I WAS THINKING 4
JAHWEH ROPHI, THE LORD THE HEALER
The full Gospel includes Jesus the Healer. Without that proclamation the Gospel trumpet sounds as if it had a sticky valve. Jesus the Healer is a corner stone of Pentecostal revival, though the hardest faith challenge. Healing is where Bible teaching and teachers are put to the test. I'm asked more questions about healing than anything else. This special IWT article was suggested by people in the ministry. It is not a summary of a vast subject, but a look at the roots. Countless books on healing still find people hesitant, Healing is sometimes put aside as problematic, left to those who 'have the gift'. Basic theology is needed and this IWT piece is a contribution towards it
There are varied attitudes about healing. Healing is often taken as subsidiary side issue, or a curious possibility of faith. Some relate healing to the 'charismata', gifts. Others see it as accessory to the Gospel. More often it is thought of as resting on God's special promises. Many wanting to exercise a healing ministry think of it as an natural endowment, a healing touch or the special favour of a Divine gift. Actually no gift to heal is mentioned in the Scripture.
Healing must be seen as part of the theology of God Himself. Teaching needs to begin with teaching on God. Truth is always truth about God, never isolated. Faith expectancy must come within the revelation of what and who God is. For instance some suggest God heals or does not heal according to how it strikes Him. With what revelation of God does this accord? He has never shown Himself as temperamental.
The basis for all faith in God is that He is faithful, not volatile, fluctuating in interest. The Bible stresses that all His works are "done in truth". That applies to His work of healing.
JAHWEH ROPHI The Bible's proper name for God is JAHWEH, (the LORD.) Exodus 6:2 says "I appeared to Abraham, Isaac and Jacob as God Almighty (el shadday) but by my name The LORD (Jahweh) I did not make myself known to them." Abraham also called God El Olam (God Everlasting). So it may be said that Moses introduced the LORD to the world during convulsion of the Exodus.
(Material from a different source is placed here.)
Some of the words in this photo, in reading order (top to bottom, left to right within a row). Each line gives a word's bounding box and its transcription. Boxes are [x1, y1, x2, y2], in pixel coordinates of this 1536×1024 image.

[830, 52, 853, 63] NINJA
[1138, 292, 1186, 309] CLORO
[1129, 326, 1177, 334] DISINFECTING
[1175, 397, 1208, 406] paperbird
Further knowledge of the Lord presently emerged, One of the first revelations was an addition to His name Jahweh = Jahweh Rophi. the LORD who heals. (Exodus 15:26)
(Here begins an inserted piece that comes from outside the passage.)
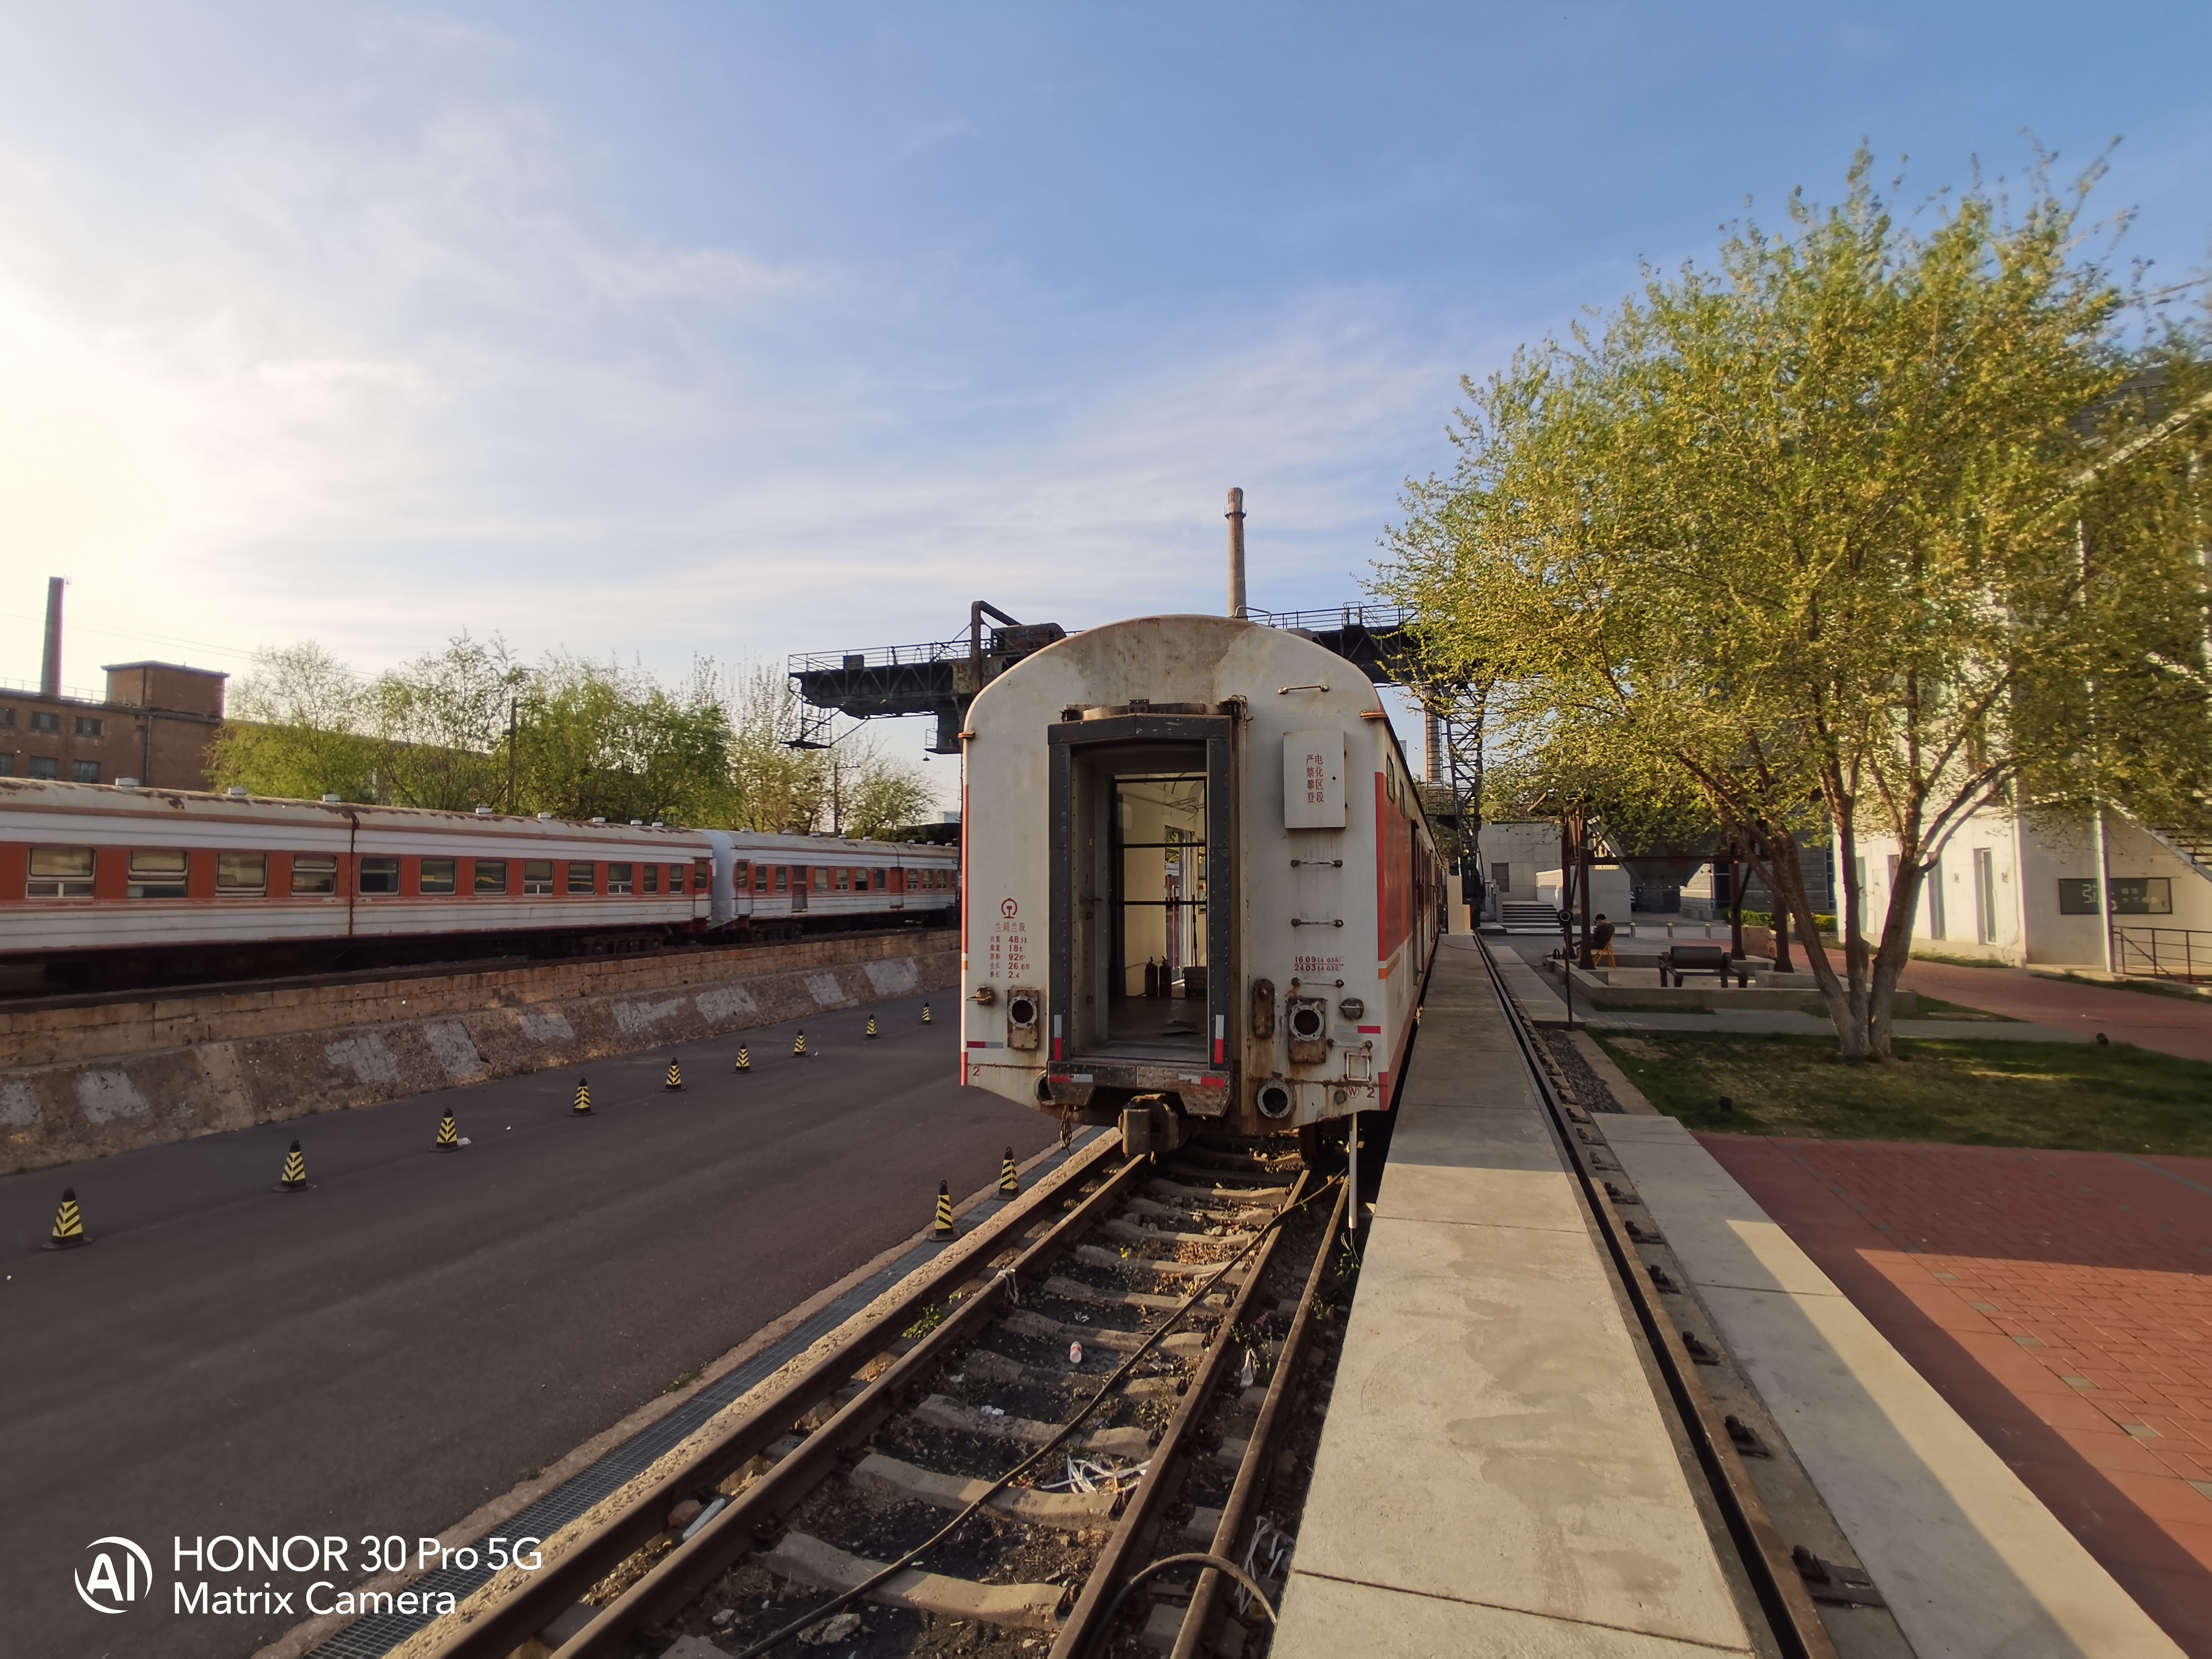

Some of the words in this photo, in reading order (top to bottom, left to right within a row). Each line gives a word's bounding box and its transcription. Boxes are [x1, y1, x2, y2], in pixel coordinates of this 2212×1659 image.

[1306, 754, 1315, 803] 严禁攀登
[1314, 753, 1324, 803] 电化区段
[973, 1065, 980, 1076] 2
[1366, 1087, 1375, 1098] 2
God's name describes His character.. We know God by His name, for it describes Him. This is extremely important. His name does not denote some passing action past or future. God does nothing incidental, and nothing out of character. His name is not about what He may do, but what He is, and what He does comes only from what He is, His name, for example, the God of healing is a permanent truth, His character eternally. The Hebrew tense is timeless.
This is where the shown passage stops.